Mr. Libby, who was chief of staff to Vice President Dick Cheney, was convicted in March of lying about from whom he learned that Valerie Plame Wilson worked at the CIA. Last month Judge Reggie Walton sentenced him to 30 months in prison and a $250,000 fine.

On Monday, President Bush commuted the prison sentence. His conviction still stands, and Mr. Libby still must pay the fine.

Democrats were outraged. "As Independence Day nears, we are reminded that one of the principles our forefathers fought for was equal justice under law," said Sen. Charles Schumer of New York. "This commutation completely tramples on that principle."

Rep. Jesse Jackson Jr. said President Bush should be impeached for "crimes against the Constitution of the United States."

So were liberal newspapers. "President Bush's commutation of a pal's prison sentence counts as a most shocking act of disrespect for the U.S. justice system," said the Seattle Post-Intelligencer in an editorial.

"In this case, Mr. Bush didn't sound like a leader making tough decisions about justice," said the New York Times. "He sounded like a man worried about what a former loyalist might say when actually staring into a prison cell."

These worthies were outraged in the fall of 1998, too. But then they were outraged because President Clinton had been impeached for committing perjury.

With so many others piling on, Hillary Clinton should have had the good sense to hold her tongue. But she said "this commutation sends the clear signal that in this administration, cronyism and ideology trump competence and justice."

That's rich, as in Marc Rich, the financier who fled the country to avoid prosecution for tax evasion, fraud and "trading with the enemy." On his last day in office, President Clinton pardoned Mr. Rich after his ex-wife, Denise (with whom Mr. Clinton reportedly had been sleeping) donated $1 million to the Democratic party and $10,000 to the Clintons' legal defense fund.

That day Mr. Clinton also pardoned four Orthodox Jews who had bilked the government out of some $40 million. They were leaders of the Skver sect in New Square, N.Y. Members of the sect usually vote Republican, but broke heavily for Hillary in her senate campaign after she invited the group's spiritual leader to the White House.

Others among the 140 Mr. Clinton pardoned on his last day in office were Henry Cisneros, his former Housing secretary who was convicted of lying to federal officials; Susan McDougal, his former partner in the Whitewater land deal, and his former CIA Director, John Deutch, convicted of mishandling national secrets.

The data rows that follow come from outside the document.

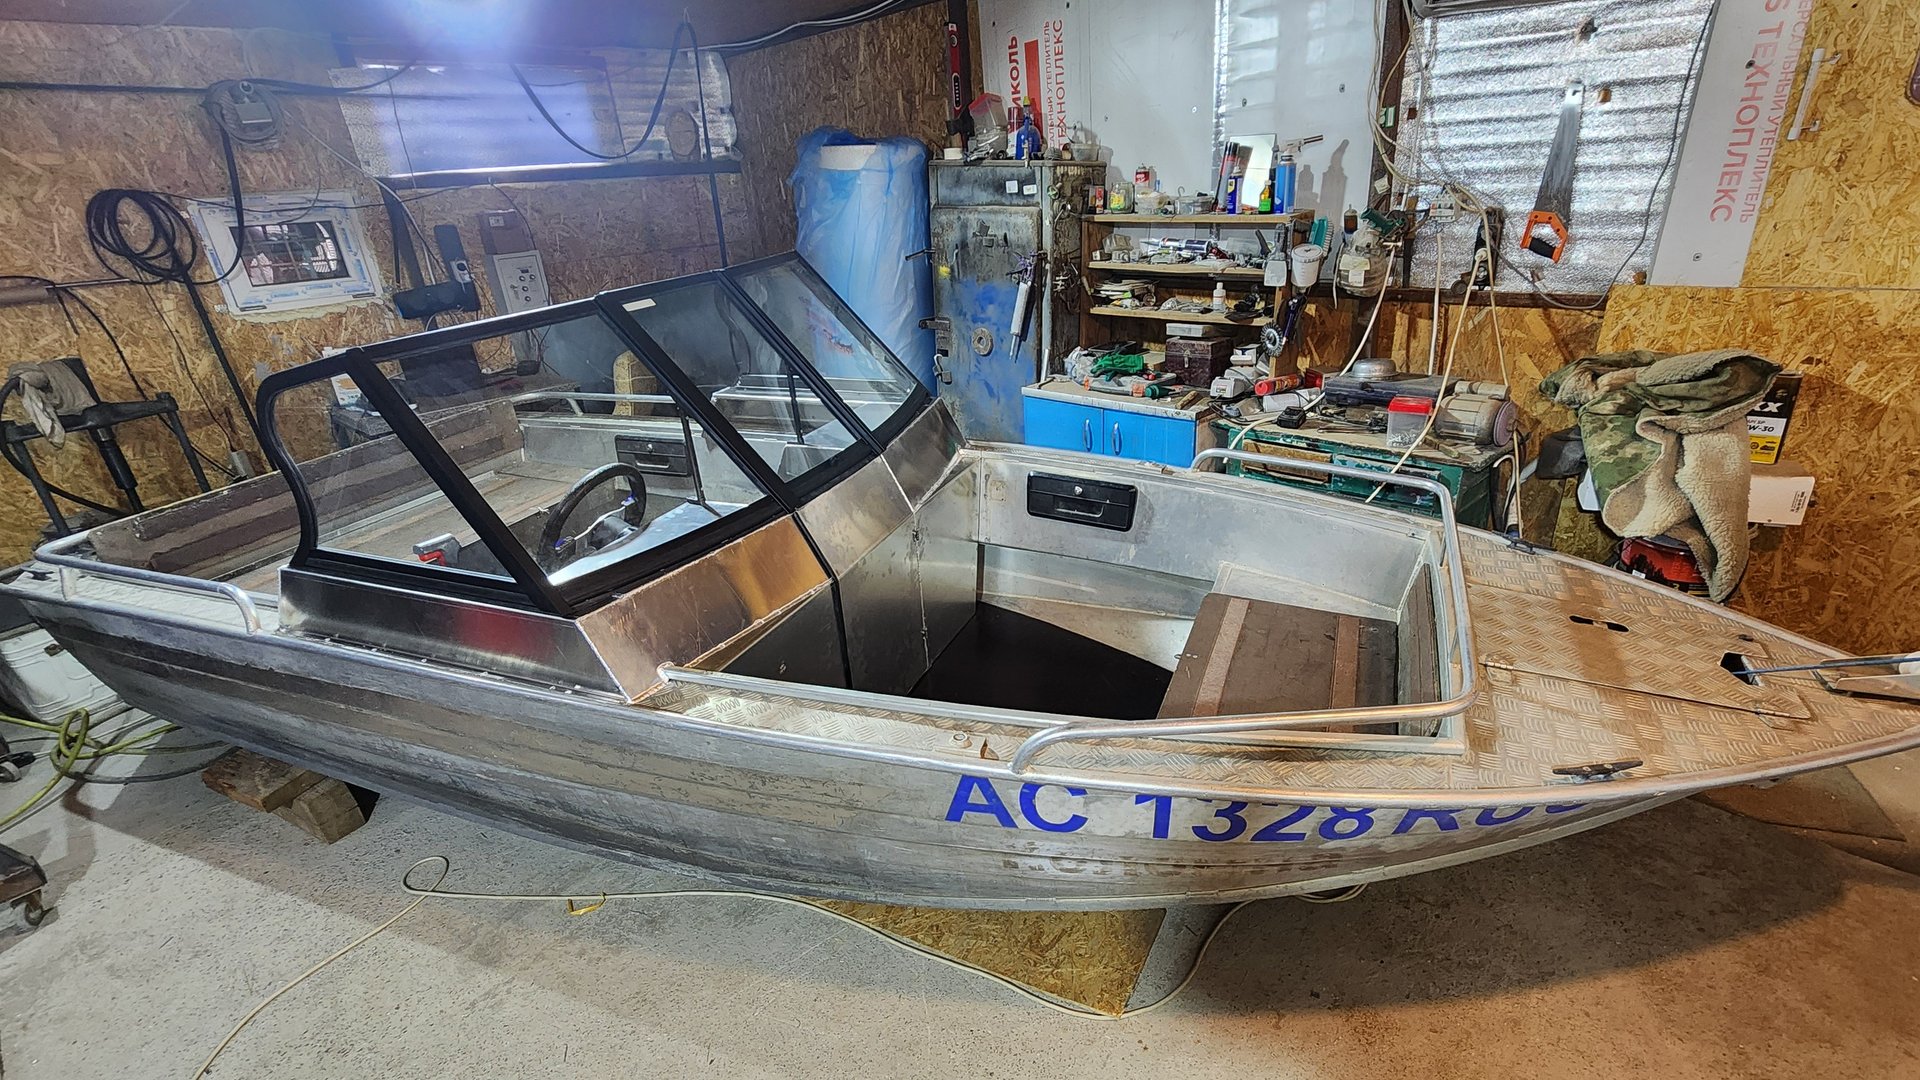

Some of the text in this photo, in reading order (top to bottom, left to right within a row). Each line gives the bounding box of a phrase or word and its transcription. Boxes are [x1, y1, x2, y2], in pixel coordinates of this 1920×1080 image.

[1008, 36, 1022, 107] ИКОЛЬ
[1709, 21, 1784, 223] ТЕХНОПЛЕКС
[1739, 0, 1813, 224] ЕРСАЛЬНЫЙ УТЕПЛИТЕЛЬ
[1747, 424, 1775, 433] W-30
[944, 775, 1590, 844] AC 1328 RU

Few Democrats or journalists said those pardons sent "the clear signal" that in the Clinton administration "cronyism and ideology trump competence and justice." Few Democrats or journalists said anything about them at all. Hillary Clinton could get away with her blatant hypocrisy because she knew her fellow hypocrites wouldn't call her on it.

And no complaints were heard from these worthies when Sandy Berger, who had been President Clinton's national security adviser, received no jail time -- and only a $50,000 fine -- for stealing classified documents from the National Archives.

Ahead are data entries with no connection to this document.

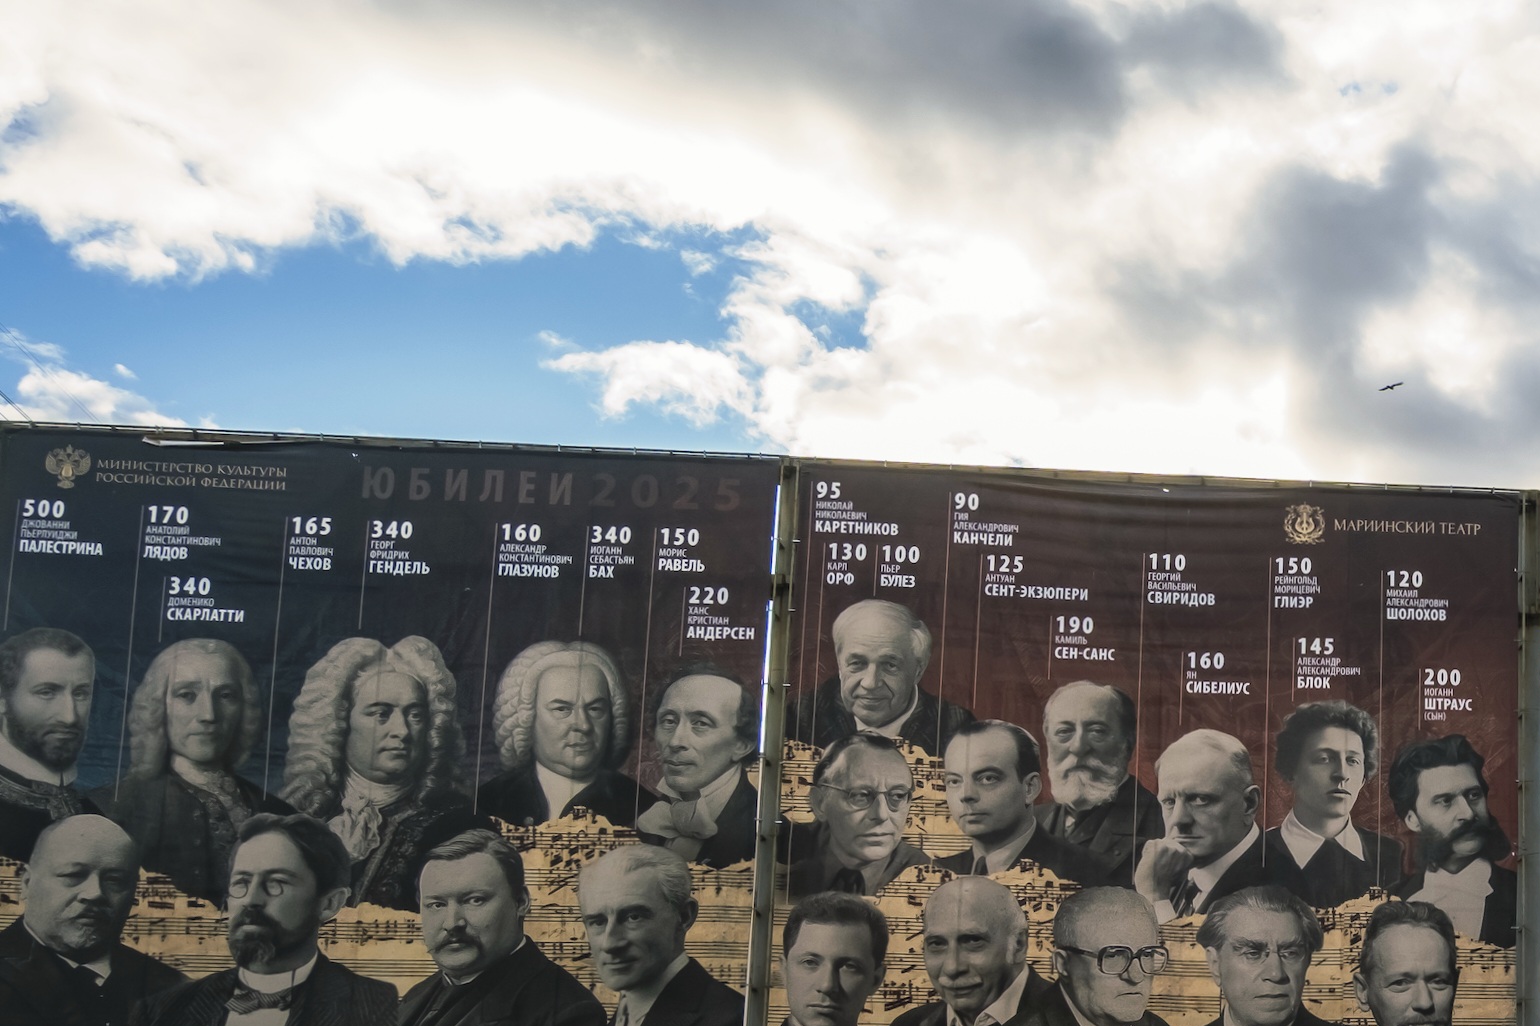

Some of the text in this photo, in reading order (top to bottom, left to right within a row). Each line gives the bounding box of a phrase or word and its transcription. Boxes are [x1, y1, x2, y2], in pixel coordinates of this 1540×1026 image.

[97, 459, 287, 478] МИНИСТЕРСТВО КУЛЬТУРЫ
[95, 472, 287, 491] РОССИЙСКОЙ ФЕДЕРАЦИИ
[589, 473, 742, 512] 2025
[816, 481, 841, 499] 95
[22, 499, 65, 518] 500
[815, 500, 853, 510] НИКОЛАЙ
[954, 492, 980, 511] 90
[148, 505, 189, 524] 170
[815, 510, 867, 520] НИКОЛАЕВИЧ
[953, 512, 969, 520] ГИЯ
[21, 519, 70, 530] ДЖОВАННИ
[146, 525, 190, 535] АНАТОЛИЙ
[292, 516, 332, 535] 165
[371, 520, 413, 539] 340
[815, 520, 899, 536] КАРЕТНИКОВ
[953, 521, 1019, 533] АЛЕКСАНДРОВИЧ
[1334, 518, 1481, 536] МАРИИНСКИЙ ТЕАТР
[20, 529, 78, 540] ПЬЕРЛУИДЖИ
[501, 523, 541, 542] 160
[591, 525, 632, 544] 340
[660, 527, 700, 546] 150
[953, 531, 1013, 546] КАНЧЕЛИ
[19, 539, 103, 555] ПАЛЕСТРИНА
[145, 535, 221, 546] КОНСТАНТИНОВИЧ
[290, 536, 317, 545] АНТОН
[370, 540, 396, 550] ГЕОРГ
[143, 545, 188, 561] ЛЯДОВ
[289, 546, 334, 556] ПАВЛОВИЧ
[369, 550, 410, 560] ФРИДРИХ
[499, 543, 547, 554] АЛЕКСАНДР
[590, 545, 622, 555] ИОГАНН
[658, 548, 687, 557] МОРИС
[829, 542, 867, 561] 130
[882, 545, 920, 563] 100
[288, 556, 332, 571] ЧЕХОВ
[499, 553, 573, 564] КОНСТАНТИНОВИЧ
[589, 554, 635, 564] СЕБАСТЬЯН
[658, 558, 706, 572] РАВЕЛЬ
[986, 554, 1024, 573] 125
[1149, 553, 1186, 571] 110
[369, 560, 430, 576] ГЕНДЕЛЬ
[498, 563, 560, 578] ГЛАЗУНОВ
[589, 565, 615, 578] БАХ
[827, 562, 848, 571] КАРЛ
[880, 564, 901, 573] ПЬЕР
[1275, 557, 1312, 575] 150
[826, 571, 855, 585] ОРФ
[880, 574, 916, 588] БУЛЕЗ
[985, 573, 1015, 583] АНТУАН
[1148, 571, 1181, 581] ГЕОРГИЙ
[1274, 575, 1318, 586] РЕЙНГОЛЬД
[1386, 570, 1423, 588] 120
[168, 576, 211, 595] 340
[984, 583, 1089, 601] СЕНТ-ЭКЗЮПЕРИ
[1147, 581, 1197, 591] ВАСИЛЬЕВИЧ
[1274, 585, 1321, 595] МОРИЦЕВИЧ
[688, 586, 729, 605] 220
[1147, 591, 1216, 607] СВИРИДОВ
[1386, 589, 1418, 598] МИХАИЛ
[167, 596, 215, 607] ДОМЕНИКО
[1274, 596, 1314, 609] ГЛИЭР
[1386, 598, 1449, 608] АЛЕКСАНДРОВИЧ
[166, 607, 245, 623] СКАРЛАТТИ
[688, 606, 710, 615] ХАНС
[1386, 608, 1447, 622] ШОЛОХОВ
[687, 615, 730, 625] КРИСТИАН
[1056, 615, 1094, 634] 190
[686, 626, 755, 641] АНДЕРСЕН
[1055, 635, 1088, 645] КАМИЛЬ
[1298, 637, 1335, 655] 145
[1054, 646, 1115, 661] СЕН-САНС
[1187, 651, 1225, 670] 160
[1297, 657, 1341, 667] АЛЕКСАНДР
[1186, 670, 1197, 680] ЯН
[1297, 666, 1361, 677] АЛЕКСАНДРОВИЧ
[1424, 669, 1461, 686] 200
[1186, 680, 1250, 695] СИБЕЛИУС
[1297, 676, 1331, 689] БЛОК
[1424, 688, 1454, 697] ИОГАНН
[1424, 698, 1473, 711] ШТРАУС
[1424, 711, 1446, 721] (СЫН)

We still don't know why Sandy stole those documents, or why he destroyed some. The news media aren't pursuing the story. For most journalists, a scandal isn't a scandal unless a Republican is involved.

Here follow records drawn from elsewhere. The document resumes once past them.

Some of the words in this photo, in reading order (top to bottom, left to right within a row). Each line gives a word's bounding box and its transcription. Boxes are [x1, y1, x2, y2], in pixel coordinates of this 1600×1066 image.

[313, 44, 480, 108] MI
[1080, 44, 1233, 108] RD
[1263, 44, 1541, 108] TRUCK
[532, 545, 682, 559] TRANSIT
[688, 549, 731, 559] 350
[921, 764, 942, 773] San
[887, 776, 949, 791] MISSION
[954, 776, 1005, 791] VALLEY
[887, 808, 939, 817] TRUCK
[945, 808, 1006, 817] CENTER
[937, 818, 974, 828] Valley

Mr. Bush also took flak from the right for commuting Mr. Libby's prison sentence. The editorial pages of the Wall Street Journal and the New York Post blasted him for not pardoning Mr. Libby outright.

It wasn't a crime to disclose Ms. Plame's identity (she hadn't been covert for more than five years), and it was Deputy Secretary of State Richard Armitage who outed her, not Mr. Libby. But Special Prosecutor Patrick Fitzgerald demanded he be sentenced as if he had violated the Intelligence Identities Protection Act.

I'm suspicious of verdicts handed down by DC juries, and I think Mr. Fitzgerald is the federal equivalent of disgraced Duke rape prosecutor Michael Nifong.

But I think the president got it right. There was no underlying crime, but Mr. Libby might have lied to the grand jury. If so, he should pay. But the loss of his job, his reputation and the $250,000 fine are greater punishment than similarly situated Democratic offenders ever receive.